Weinersmith thinks that the religious apologist argument that moral laws require a god “makes at least a certain amount of sense” – “it only makes sense to posit objective laws if there is a lawgiver.” I’ll come back to that. However, he thinks “laws of nature” are different.  “I’m willing to believe that a law like “like charge repels like” could be a random member of any number of functional sets of simple physical laws, and therefore might not require a lawgiver.”
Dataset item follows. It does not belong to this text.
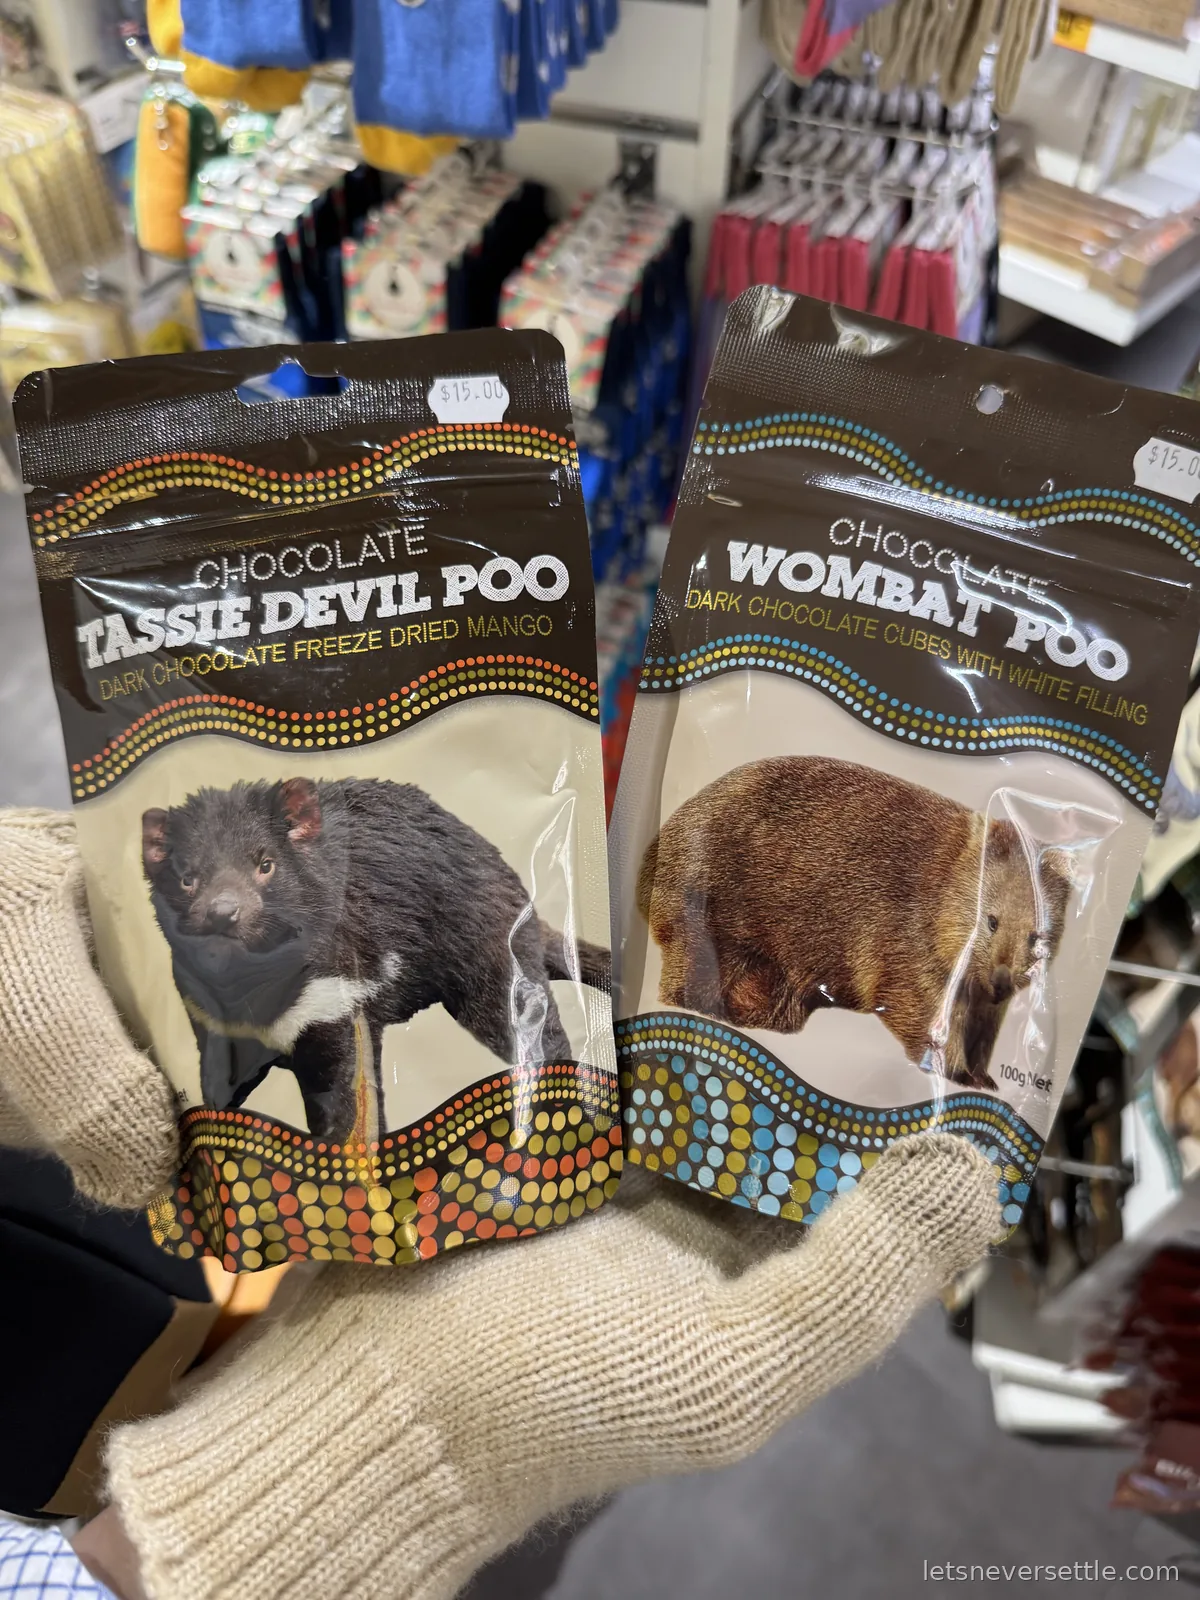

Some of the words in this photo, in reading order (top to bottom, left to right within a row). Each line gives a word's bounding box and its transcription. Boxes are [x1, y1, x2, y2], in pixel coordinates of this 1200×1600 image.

On the other hand, most religious apologists argue that the “laws of physics,” etc., need a lawmaker, their god, just as much as moral laws. After all, they argue, the fact that nature behaves in a rational, logical way is evidence of a god who has somehow injected that order into the natural world.

I think there is a conceptual problem arising from at least partly confusing a completely human-made law – a rule which society decides and enforces, with a physical law or law of nature – some relationship of matter and energy which humanity has recognised through observation. Sure, the “laws of nature” are also human constructs but they do describe observations. They attempt to describe objective reality. In no way do humans instruct nature how to behave. Nor does any other being have to lay down such instruction to natural bodies and phenomena – they arise from the very nature of those bodies and phenomena.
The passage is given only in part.